Explainability is one of the most widely debated issues when it comes to the use of artificial intelligence (AI) in healthcare. Although AI-driven systems have been shown to outperform humans in certain analytical tasks, the lack of explanation continues to provoke criticism.
Researcher developed a new tissue-section analysis system for diagnosing breast cancer based on artificial intelligence (AI).
Researchers at Charité-Universitätsmedizin Berlin and TU Berlin, as well as at the University of Oslo, have developed a new tissue section analysis system for the diagnosis of breast cancer based on artificial intelligence (AI). Two further developments make the system unique: For the first time, morphological, molecular and histological data are integrated into a single analysis.
Second, the system provides clarification of the AI decision-making process in the form of heat maps. Pixel by pixel, these heat maps show which visual information has influenced the AI decision-making process and to what extent, thus enabling physicians to understand and assess the plausibility of the results of the AI analysis. This represents a decisive and crucial step forward for the future regular use of AI systems in hospitals. The results of this research have now been published by Nature Machine Intelligence.
The treatment of cancer is increasingly concerned with the molecular characterization of tumor tissue samples. Studies are conducted to determine whether and/or how the DNA of the tumor tissue as well as the gene and protein expression of the tissue sample have changed.

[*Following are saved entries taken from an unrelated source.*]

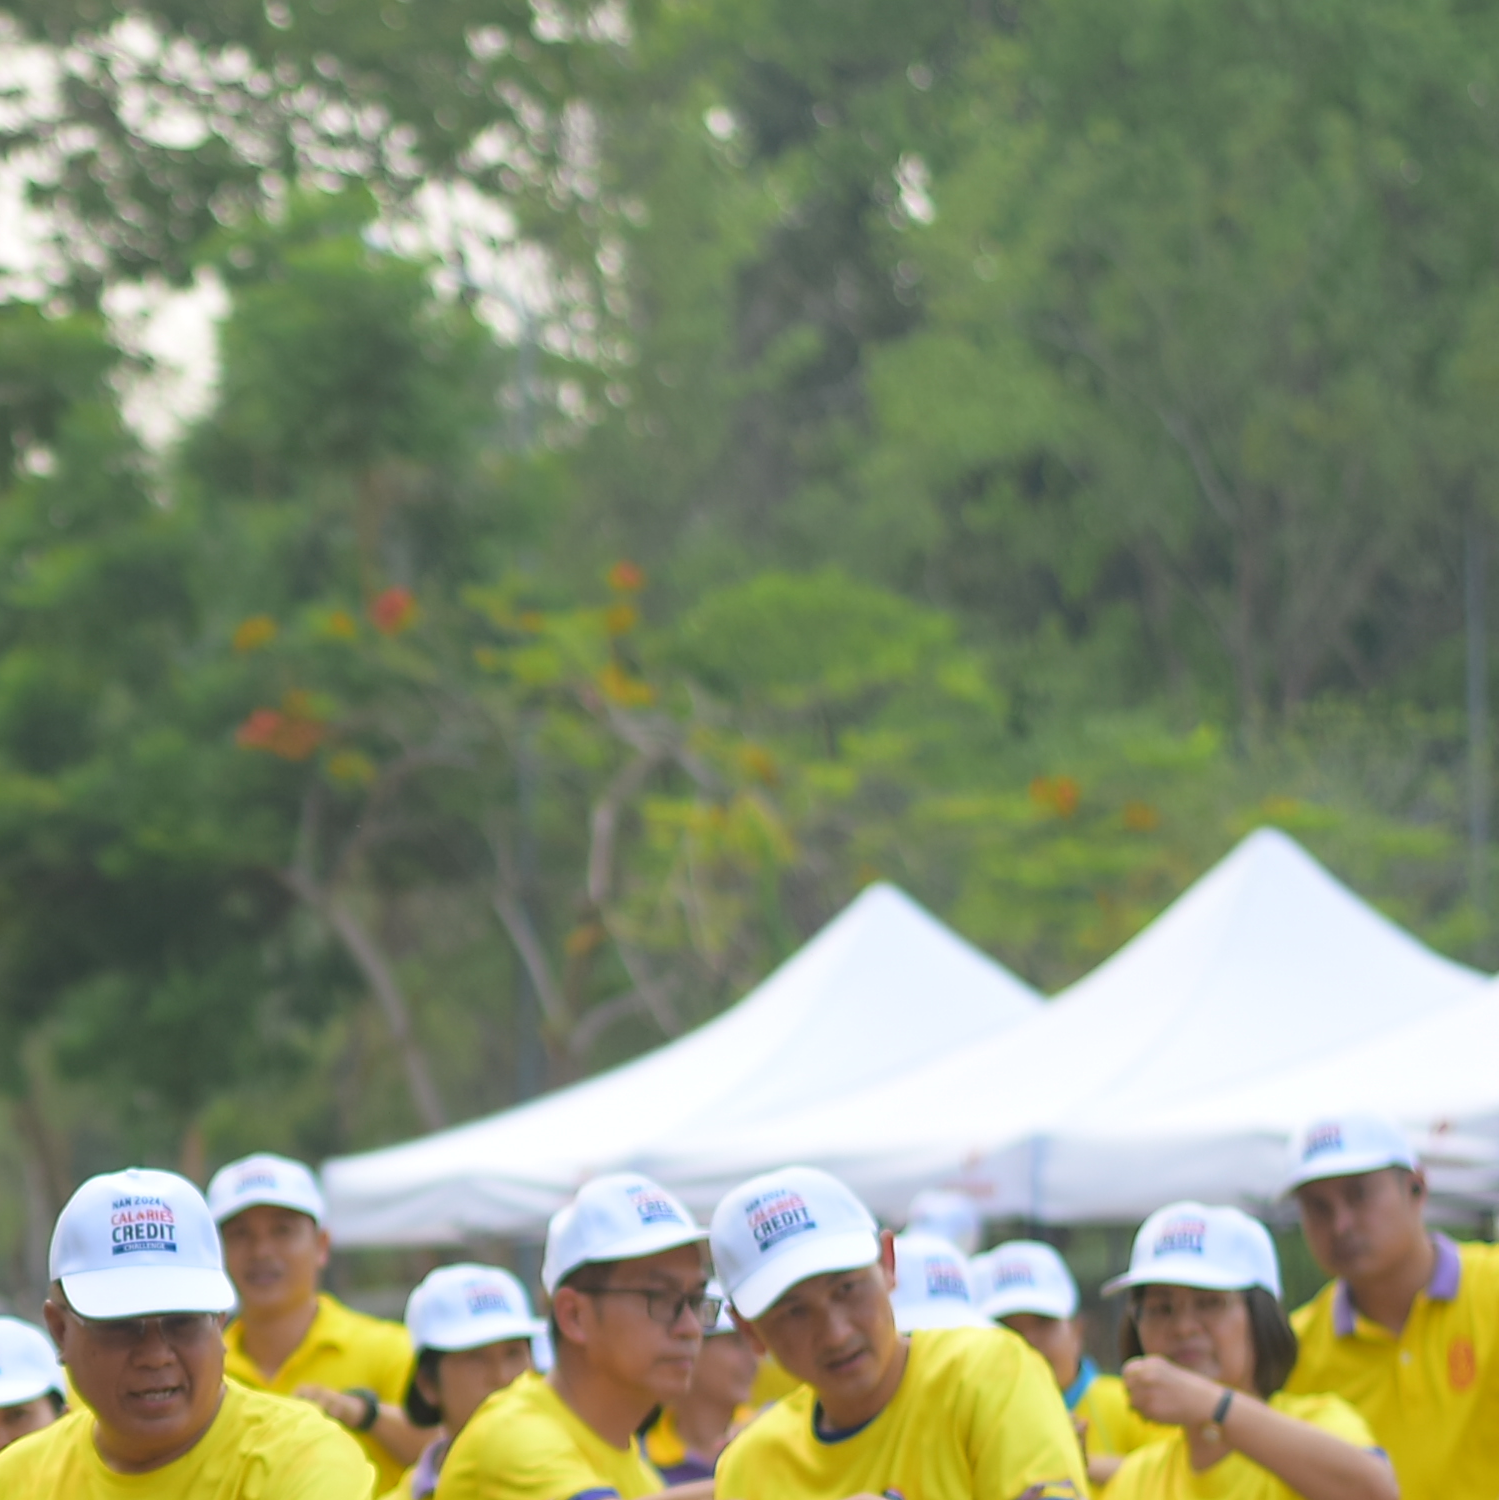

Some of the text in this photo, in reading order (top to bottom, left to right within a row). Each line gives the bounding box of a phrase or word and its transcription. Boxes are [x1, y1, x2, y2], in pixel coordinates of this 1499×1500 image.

[112, 1196, 160, 1210] NAN 2024
[112, 1222, 175, 1243] CREDIT
[753, 1206, 810, 1241] CREDIT
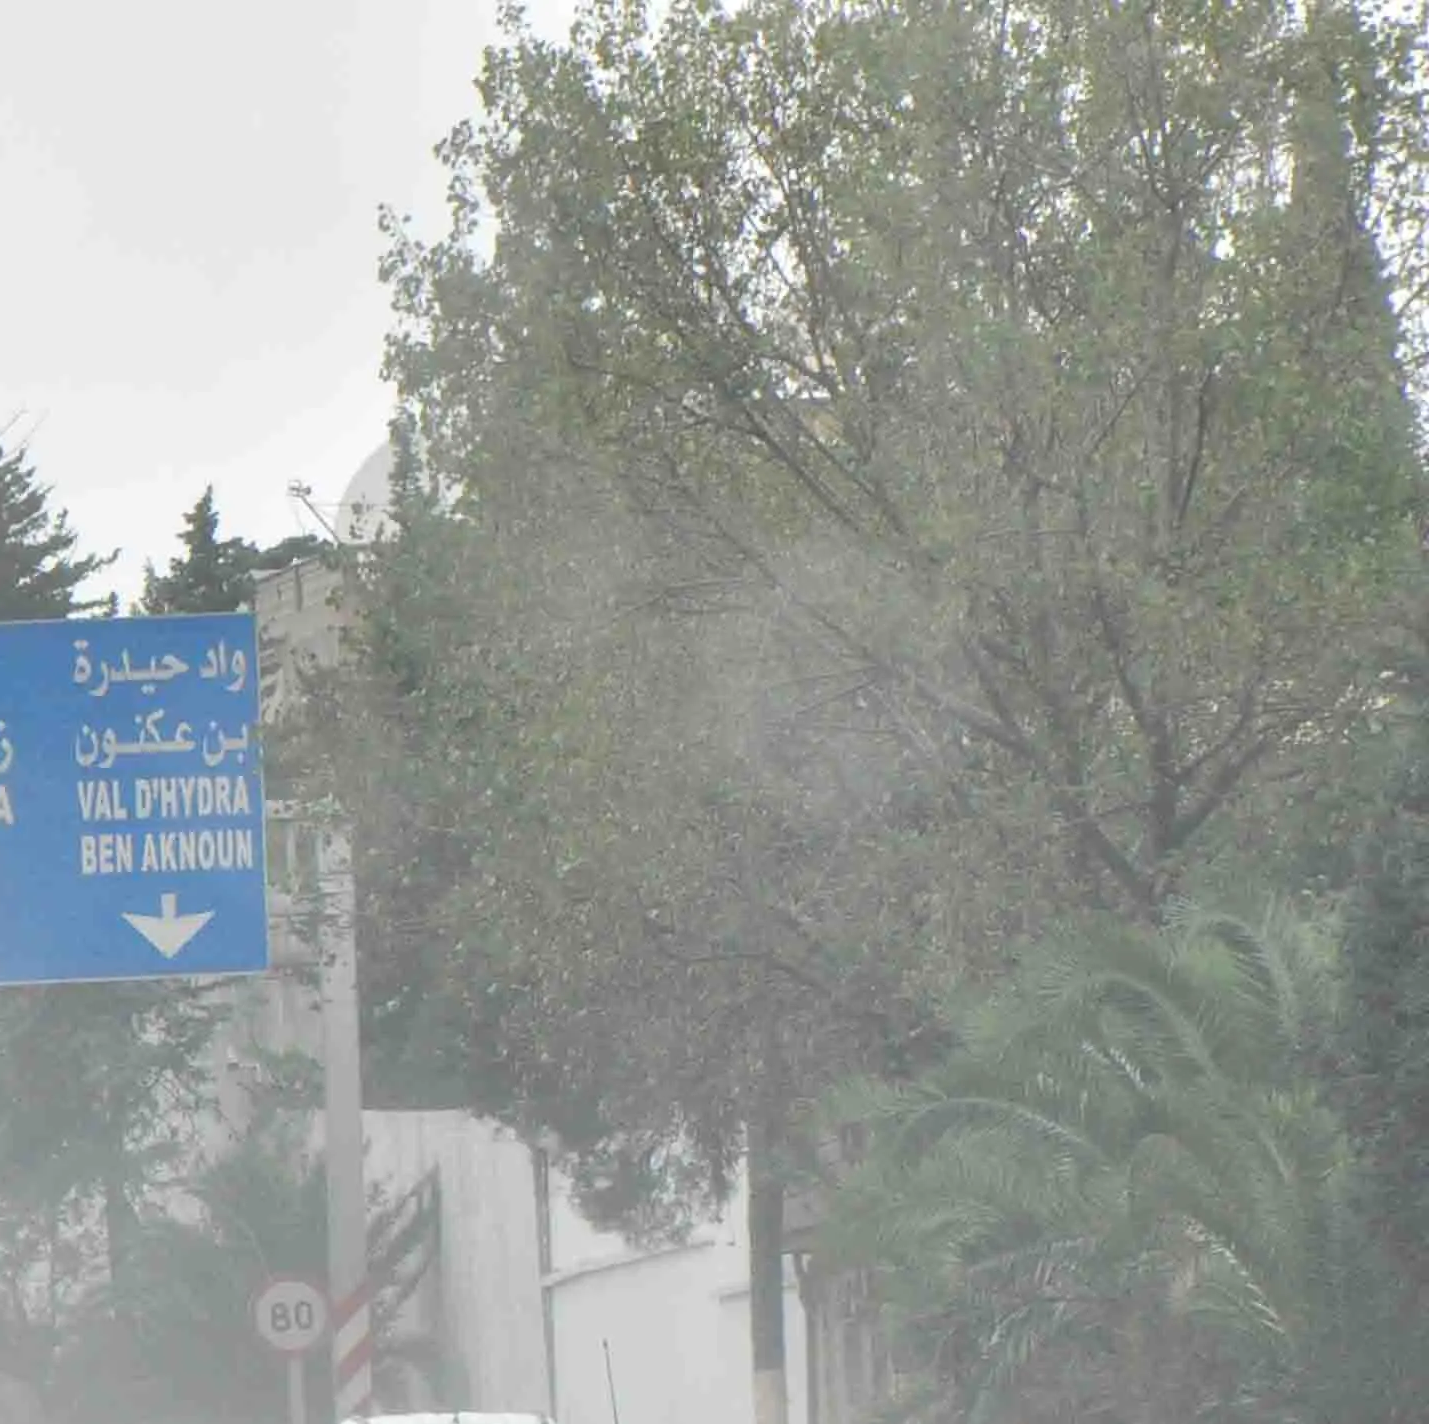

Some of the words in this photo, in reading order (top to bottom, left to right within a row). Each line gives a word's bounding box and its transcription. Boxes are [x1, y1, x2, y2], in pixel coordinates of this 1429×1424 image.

[72, 639, 189, 697] حيدرة
[199, 639, 246, 691] واد
[75, 708, 196, 768] عكنون
[203, 720, 248, 767] بن
[77, 778, 128, 821] VAL
[135, 775, 252, 818] D'HYDRA
[81, 834, 133, 875] BEN
[140, 830, 254, 872] AKNOUN
[270, 1301, 313, 1332] 80

At the same time, researchers are increasingly aware that cancer progression is closely related to intercellular cross-talk and the interaction of neoplastic cells with surrounding tissue—including the immune system.

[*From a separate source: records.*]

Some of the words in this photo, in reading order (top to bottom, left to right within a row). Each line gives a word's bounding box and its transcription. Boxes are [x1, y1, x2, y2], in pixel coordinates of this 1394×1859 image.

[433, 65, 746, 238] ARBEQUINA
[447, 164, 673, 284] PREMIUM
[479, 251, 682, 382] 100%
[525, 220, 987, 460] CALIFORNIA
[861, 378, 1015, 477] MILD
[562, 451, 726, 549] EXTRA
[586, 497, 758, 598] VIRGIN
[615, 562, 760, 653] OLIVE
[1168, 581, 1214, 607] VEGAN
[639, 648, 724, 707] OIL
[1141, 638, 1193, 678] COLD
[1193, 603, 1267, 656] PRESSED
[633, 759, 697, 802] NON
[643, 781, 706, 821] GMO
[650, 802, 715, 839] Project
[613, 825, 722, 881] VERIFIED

Although microscopic techniques allow the study of biological processes with a high degree of spatial detail, they allow only a limited measurement of molecular markers. Rather, they are determined by using proteins or DNA taken from tissues. As a result, spatial detail is not possible and the relationship between these markers and microscopic structures is usually unclear. “We know that in the case of breast cancer, the number of immigrated immune cells known as lymphocytes in tumor tissue has an impact on the patient’s prognosis. There are also discussions as to whether this number has a predictive value-in other words, if it allows us to say how effective a particular therapy is,” says Prof. Dr. Frederick Klauschen of the Charité Institute of Pathology.
“The problem we have is this: we have good and reliable molecular data and we have good histological data with a high degree of spatial detail. What we have not yet had is a decisive link between imaging data and high-dimensional molecular data,” adds Prof. Dr. Klaus-Robert Müller, professor of machine learning at TU Berlin. Both researchers have been working together for a number of years now at the national AI center of excellence the Berlin Institute for the Foundations of Learning and Data (BIFOLD) located at TU Berlin.

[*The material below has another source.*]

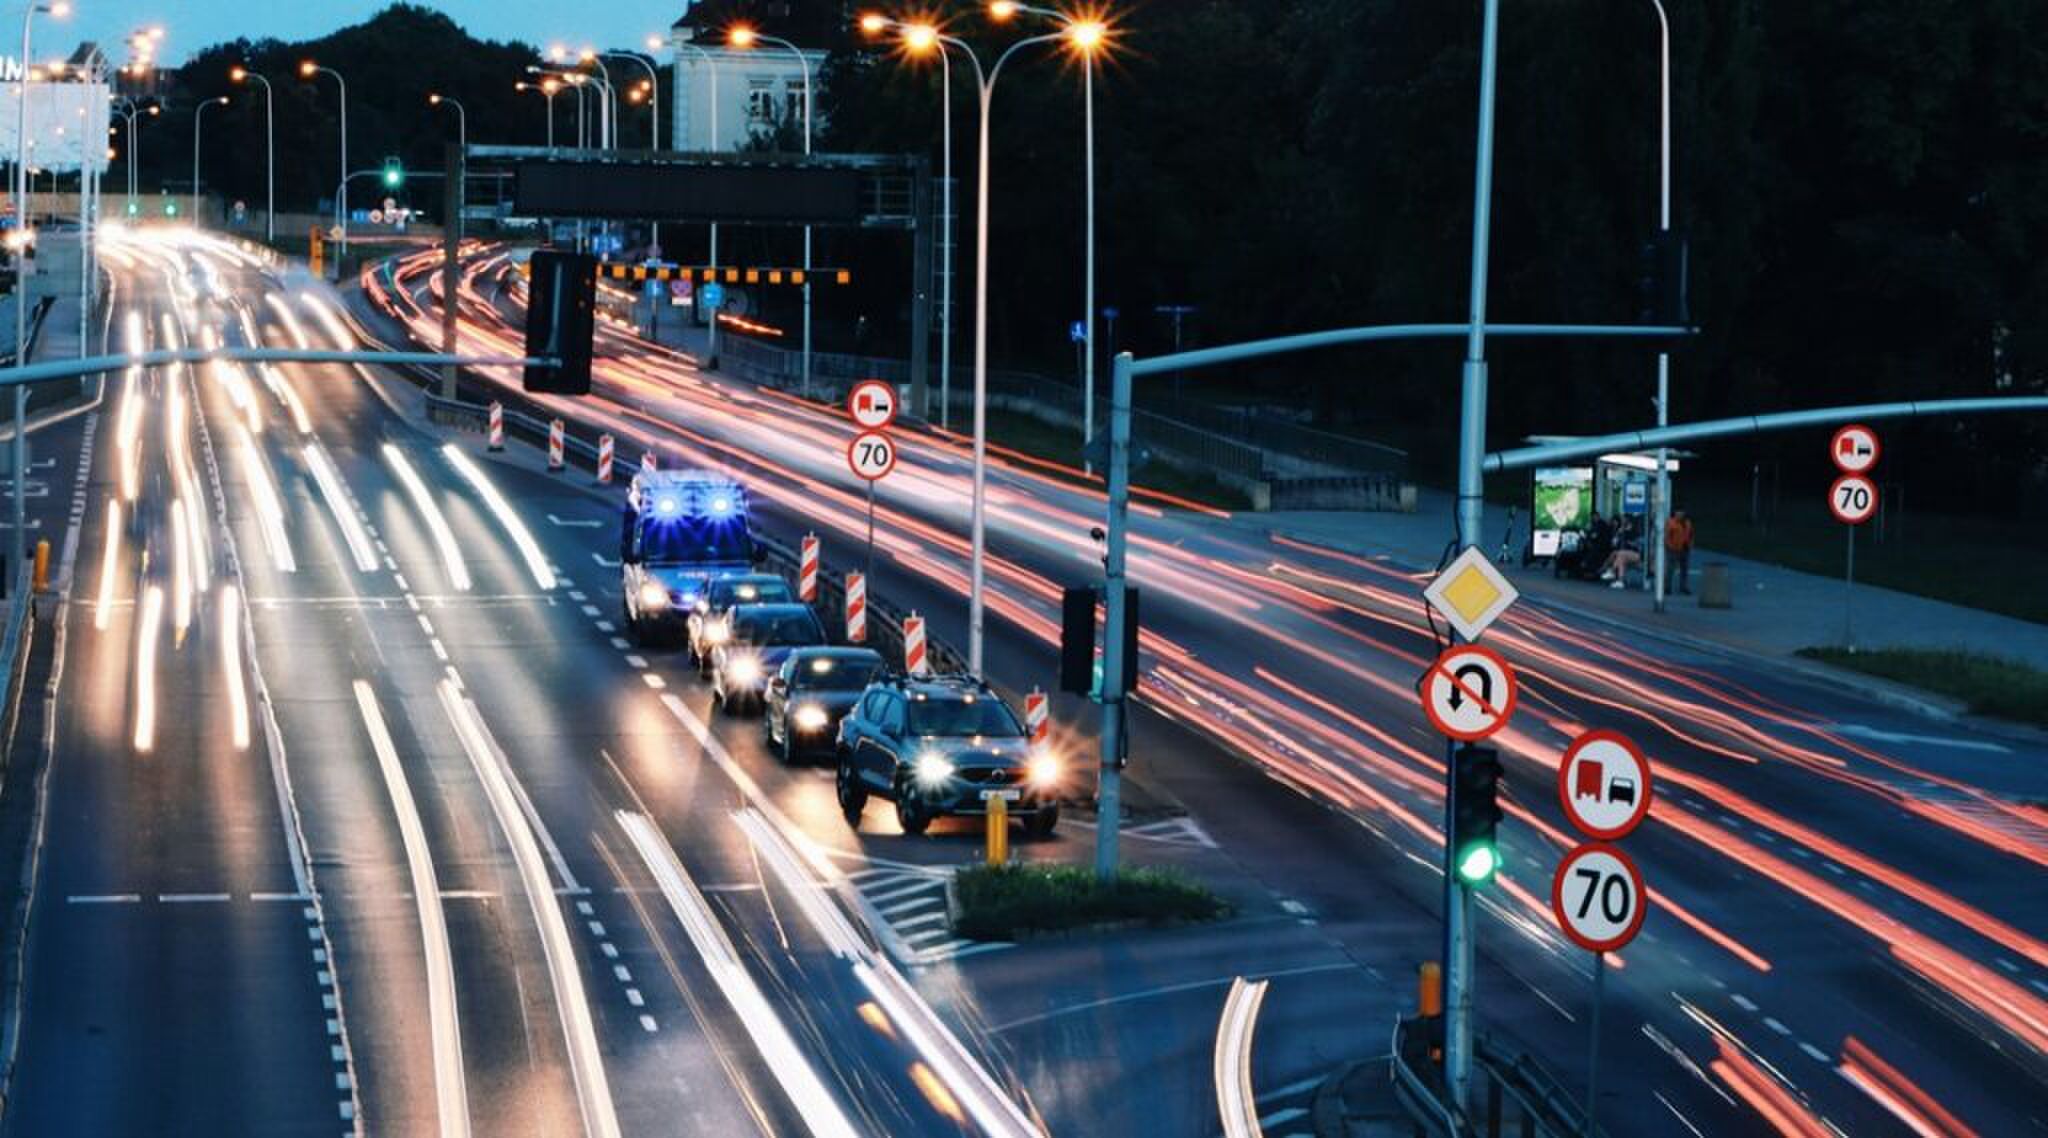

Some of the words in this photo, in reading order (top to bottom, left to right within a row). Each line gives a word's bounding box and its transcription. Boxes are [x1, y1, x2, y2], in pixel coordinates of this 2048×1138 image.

It is precisely this symbiosis that the newly published approach makes possible. “Our system facilitates the detection of pathological changes in microscopic images. In parallel to this, we are able to provide accurate heatmap visualizations showing which pixel in the microscopic image contributed to the diagnostic algorithm and to what extent, “Well, explains Prof. Müller.
The research team also succeeded in significantly further developing this process: “Our analysis system has been trained using machine learning processes so that it can also predict different molecular characteristics, including the condition of DNA, gene expression and protein expression in specific tissue areas, based on histological images.
Explain capability is a highly debated issue with far-reaching implications that extend beyond the technical properties of AI. Next on the agenda are certification and further clinical validation-including tests in the routine diagnosis of tumors. However, Prof. Klauschen is already convinced of the value of the research: “The methods we have developed will make it possible to make histopathological tumor diagnoses more accurate, more standardized and qualitatively better in the future.”